Calciomercato Lazio, Inzaghi: “La società ha fatto bene…quest’anno”

Simone Inzaghi in conferenza stampa
Lazio, Simone Inzaghi conferenza stampa (Getty Images)

Il tecnico della Lazio Simone Inzaghi è intervenuto ai microfoni di Sky dopo la vittoria dei suoi contro lo Spezia.

Lazio, Inzaghi a Sky

Dopo la vittoria contro lo Spezia, Simone Inzaghi, tecnico della Lazio, si presenta davanti alle telecamere. Ecco quanto raccolto dalla nostra redazione: “Sono soddisfato anche dal punto di vista della prestazione, la squadra ha fatto la gara che doveva fare, senza dimenticare che hanno giocato in Champions, ci siamo ritrovati giovedì, abbiamo fatto un bagno, e poi 1 allenamento prima di questa partita“.

lazio ultime squadra
Spezia-Lazio (www.gettyimages.it)

Immobile in panchina? Poteva starci, ma avevo grandi problemi nel reparto avanzato. Muriqi è a casa, Correa ieri aveva un polpaccio che gli impediva di giocare, Caicedo con gli antidolorifici. Per fortuna abbiamo vinto una gara molto importante ai fini della classifica“.

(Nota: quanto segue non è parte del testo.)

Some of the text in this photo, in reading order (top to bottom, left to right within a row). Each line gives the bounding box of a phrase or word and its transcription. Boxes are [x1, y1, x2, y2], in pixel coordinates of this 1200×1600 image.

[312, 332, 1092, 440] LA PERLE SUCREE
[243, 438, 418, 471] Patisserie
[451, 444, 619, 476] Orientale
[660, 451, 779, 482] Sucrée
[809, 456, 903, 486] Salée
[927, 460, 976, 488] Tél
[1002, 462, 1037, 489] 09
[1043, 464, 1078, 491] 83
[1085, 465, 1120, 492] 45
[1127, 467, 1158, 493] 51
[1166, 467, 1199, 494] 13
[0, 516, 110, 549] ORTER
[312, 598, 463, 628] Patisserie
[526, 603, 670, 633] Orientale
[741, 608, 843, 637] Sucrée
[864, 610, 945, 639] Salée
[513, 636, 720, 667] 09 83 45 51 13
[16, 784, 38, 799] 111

Giocando con 2 esterni larghi qualche problema in uscita usi terzini li abbiamo avuti, ma alla fine ci siamo riusciti, davamo spazio alle mezzali di creare. Si vedeva che Lazzari ha giocato poco a Dortmund, era il più fresco, ma ripeto mi aspettavo questo, volevo questa tigna. Una squadra come la nostra non può comunque concedere quel gol”.

Devo essere obiettivo, abbiamo fatto gli innesti giusti. Ma tra covid e infortuni non abbiamo comunque potuto fare rotazioni. Out Lulic, Escalante e tanti altri. A livello numerico rispetto agli altri anni la società ha lavorato molto bene. Col covid è cambiato il calcio, con l’Europa League non c’era lo stesso stress. Anche Favre, a Dortmund, ha detto che ci si allena giocando praticamente. E si fanno errore che con gli allenamenti non si farebbero“.

L’anno scorso con un impegno a settimana è totalmente diverso da oggi, con 3 gare, con dei rientri alle 5 del mattino, dobbiamo migliorare. Ma c’è poco tempo anche per le analisi, tipo con l’Udinese, serviva sederci e studiare, e invece era già il momento di andare a Dortmund“.